Hear that siren? That’s the sound of Washington Post’s morality police pulling up to shame bachelors for holding their potential spouses to any standard whatsoever. The outlet wrote a praising piece of the latest episode of The Bachelorette in which Hannah Brown rebuked suitor Luke for being dissapointed that she was having sex with some of the other contestants. What a sicko, eh?
Washington Post called it a “rare moment of sex-positivity.”
On Monday July 15’s episode of ABC's The Bachelorette, the drama was palpable between Hannah Brown, the star of the show and object of thirty contestants’ affection, including Christian contestant Luke. During their one-on-one date, Hannah felt shamed by Luke’s questioning of her sexual behavior, during which he expressed that he would be turned off he found out that she was getting intimate with the other three contestants before choosing one of the men.
Luke, from Georgia, had described himself as a man who had a “religious re-awakening.” He affirmed that “God spoke to him” one day, prompting him to re-evaluate his life, and commit to abstaining from sex “for the past four years” in order to save “himself for marriage.”

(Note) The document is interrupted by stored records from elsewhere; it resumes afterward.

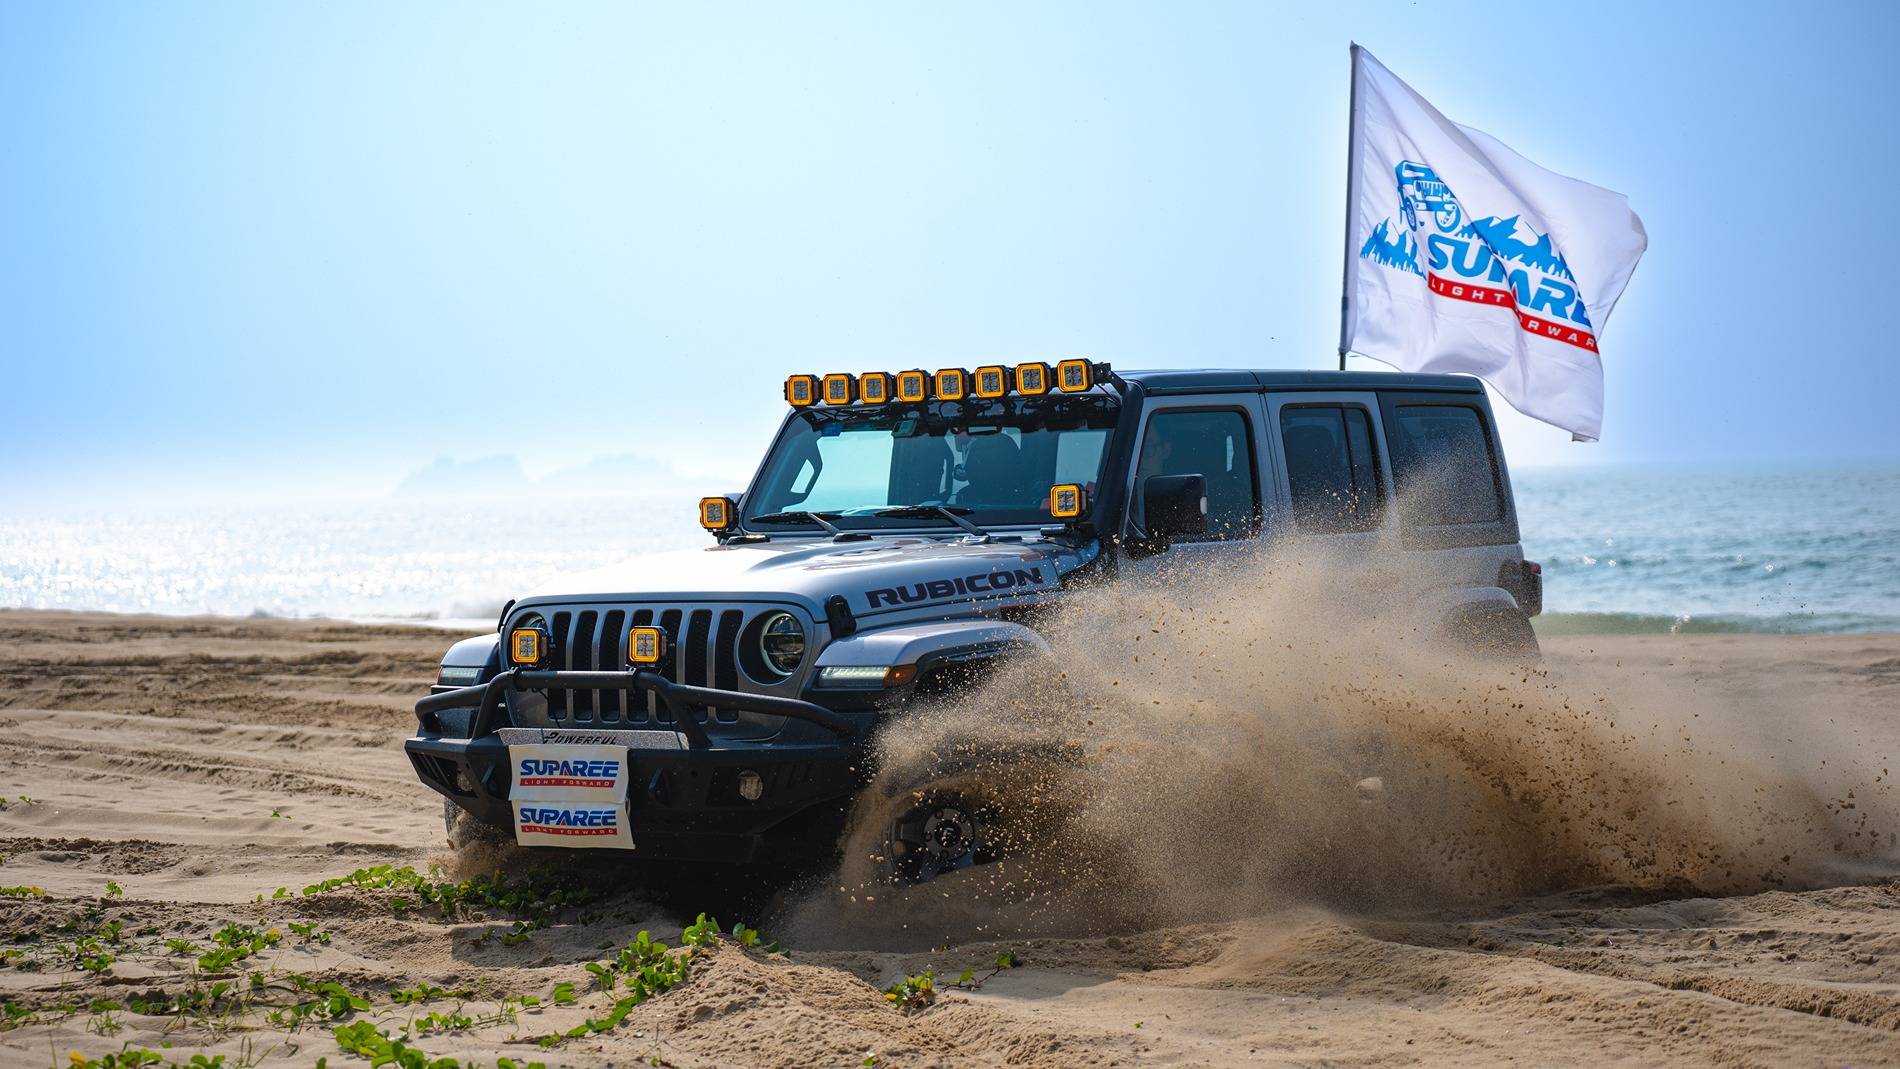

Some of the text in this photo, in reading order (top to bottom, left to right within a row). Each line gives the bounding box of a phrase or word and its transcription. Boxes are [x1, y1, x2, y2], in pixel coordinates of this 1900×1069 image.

[1431, 279, 1596, 347] LIGHT RWAR
[865, 567, 1043, 608] RUBICON
[543, 732, 618, 745] POWERFUL
[520, 759, 619, 777] SUPAREE
[520, 808, 616, 826] SUPAREE
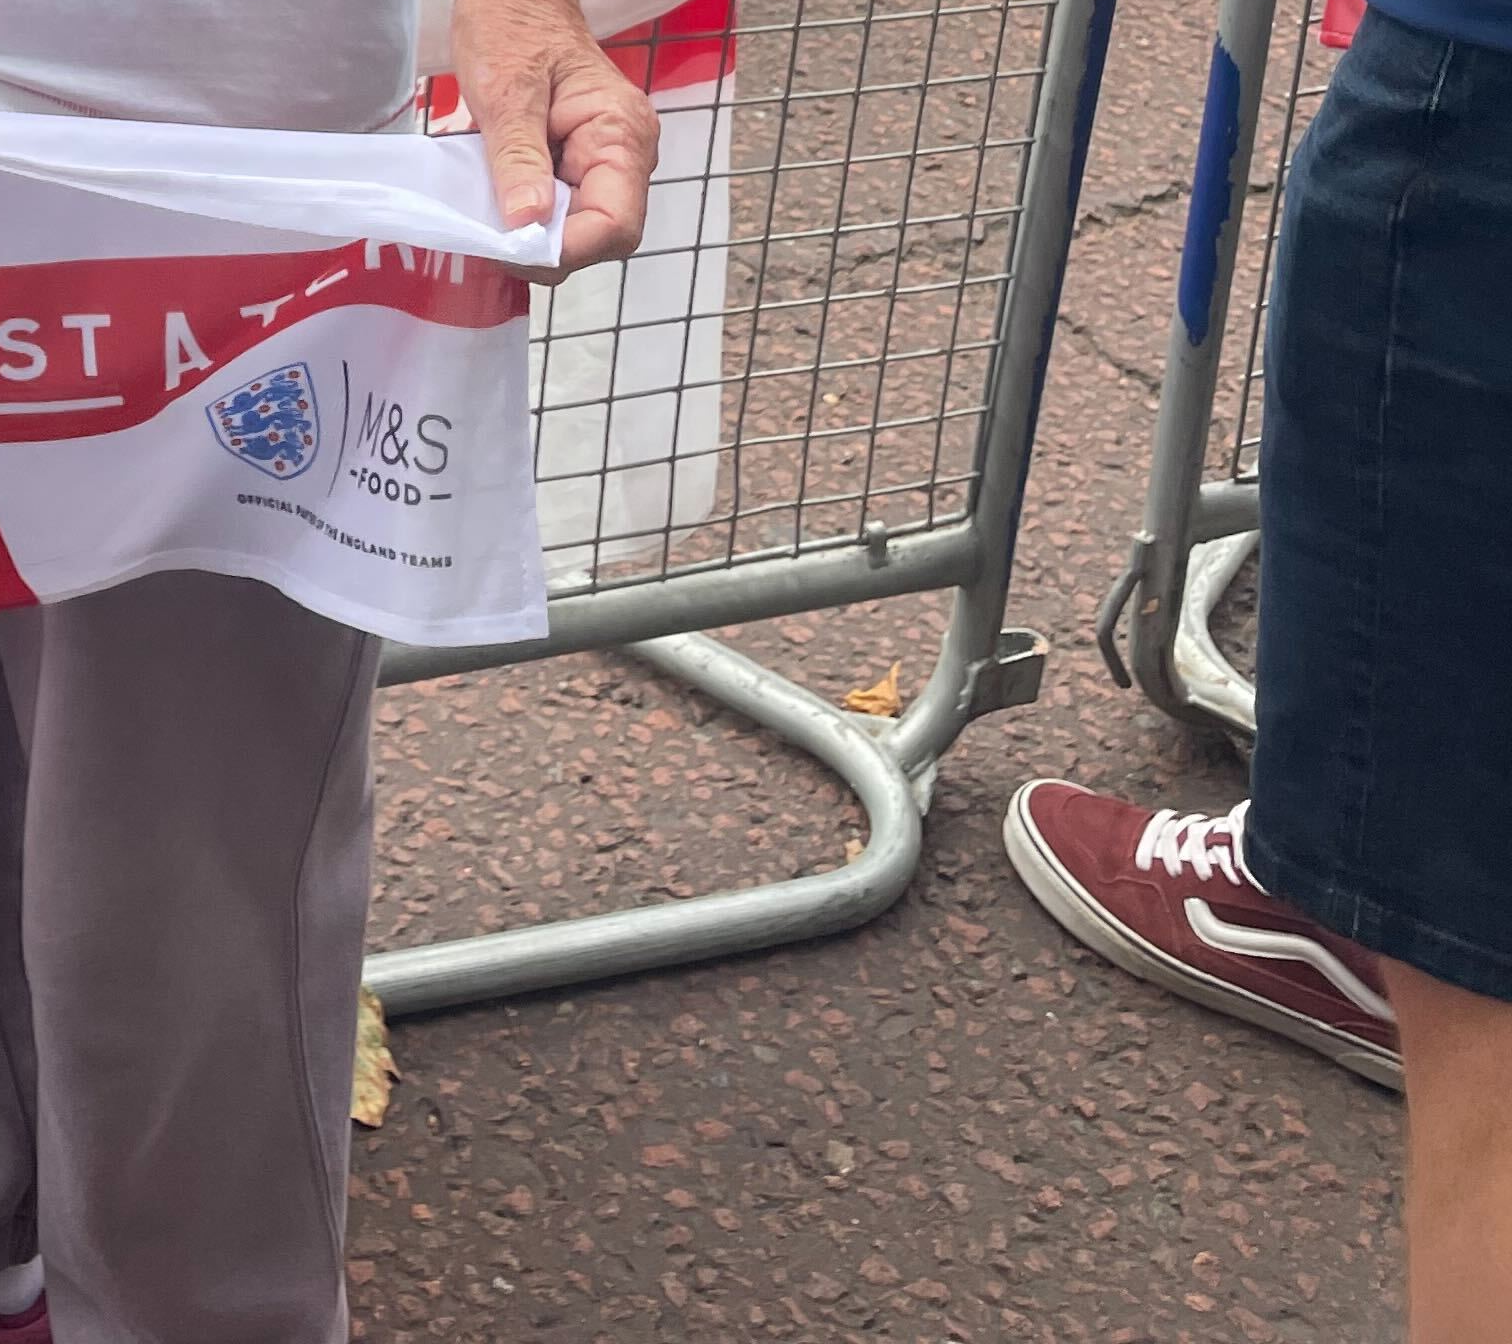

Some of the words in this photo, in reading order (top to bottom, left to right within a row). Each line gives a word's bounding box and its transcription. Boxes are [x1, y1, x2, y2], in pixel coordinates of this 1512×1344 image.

[164, 310, 215, 392] A
[355, 390, 453, 476] M&S
[236, 492, 293, 514] OFFICIAL
[339, 531, 397, 561] ENGLAND
[401, 550, 453, 569] TEAMS

“I am very confident that we’re on the same page with our morals. And I just — I want to hear it from your mouth,” He said. “I just want to make sure you’re not going to be sexually intimate with the other relationships here.”
But for Hannah and The Washington Post, the fact that he was looking for this kind of moral commitment in a partner made Luke the epitome of toxic masculinity. Ms. Brown rebuked him, saying, “Some of the things that you said, like, I don’t agree with at all. And honestly, I’m kind of mad, because the way that you just said that. It’s like, why do you have the right to do that? Because, you’re not my husband.”

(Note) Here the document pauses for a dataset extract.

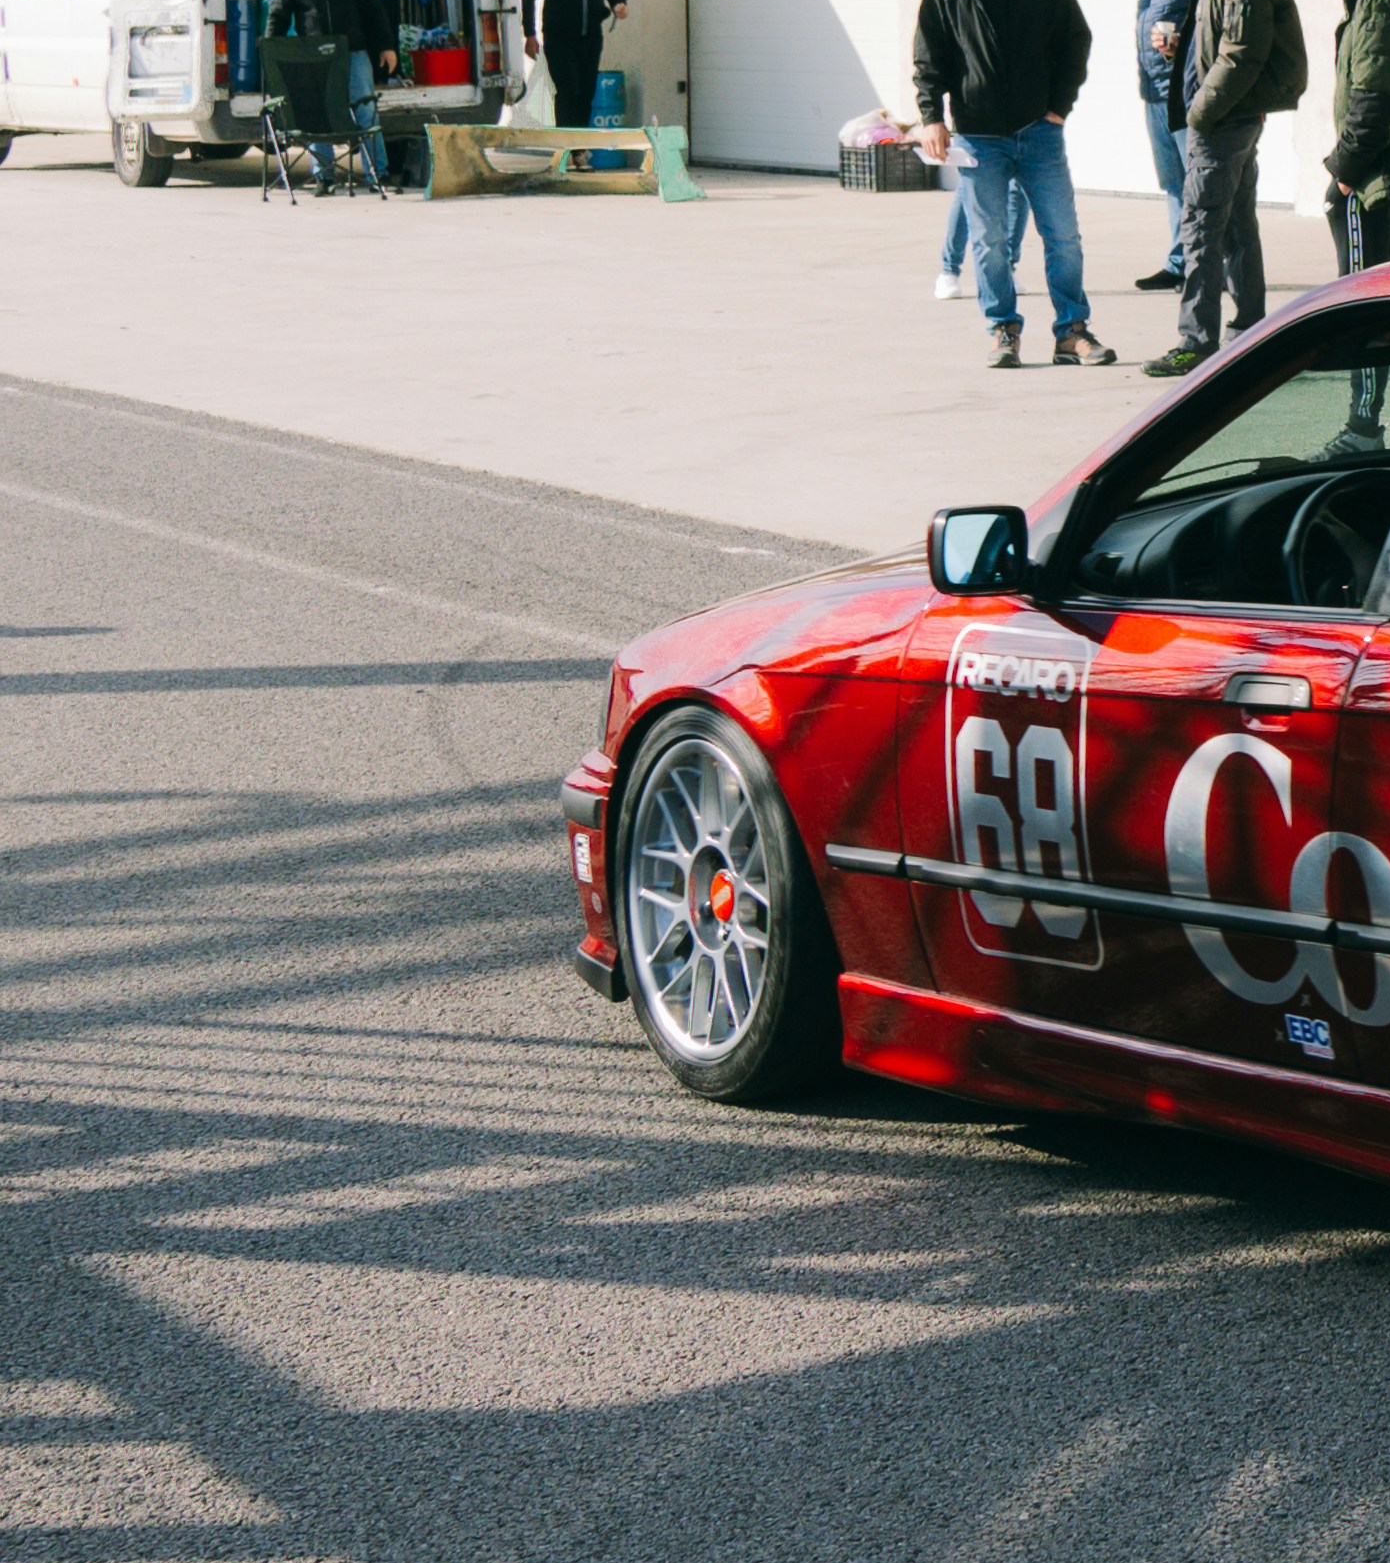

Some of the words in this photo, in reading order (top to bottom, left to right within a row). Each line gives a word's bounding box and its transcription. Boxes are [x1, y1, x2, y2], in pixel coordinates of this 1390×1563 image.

[957, 652, 1076, 703] RECARO
[956, 716, 1088, 940] 68
[1287, 1016, 1330, 1047] EBC

“You’re questioning me, you’re judging me and feel like you have the right to when you don’t at this point,” Hannah protested. And when Luke told her she was misunderstanding him, The Washington Post piece characterized it as “gaslighting technique that he’s fond of using.”
The Post also employed a doozy of a line to describe Brown’s indignant protest; that she was “suddenly realizing that she had been willing to overlook the many red flags of a man who would break up with her if she didn’t fit his definition of morality.” Ah yes, moral standards are the clearest signals that it’s time to jump ship.
To the joy of the outlet, Hannah even invoked the moral example of Jesus Christ to wipe away all the slut shaming. “And Jesus is there, and he’s like, ‘You without sin throw the first stone?’ What you just did was, you’re holding your stone up at me and asking and trying to see what I’ve done,” she said, adding later, “I have had sex … Yeah. And Jesus still loves me.”
Of course Jesus loves Hannah Brown, and we’re not here to dump on her life choices. Our problem is the Washington Post shaming Luke and his moral concerns as “disastrous,” while her more liberal conduct is positive. The world turned upside down.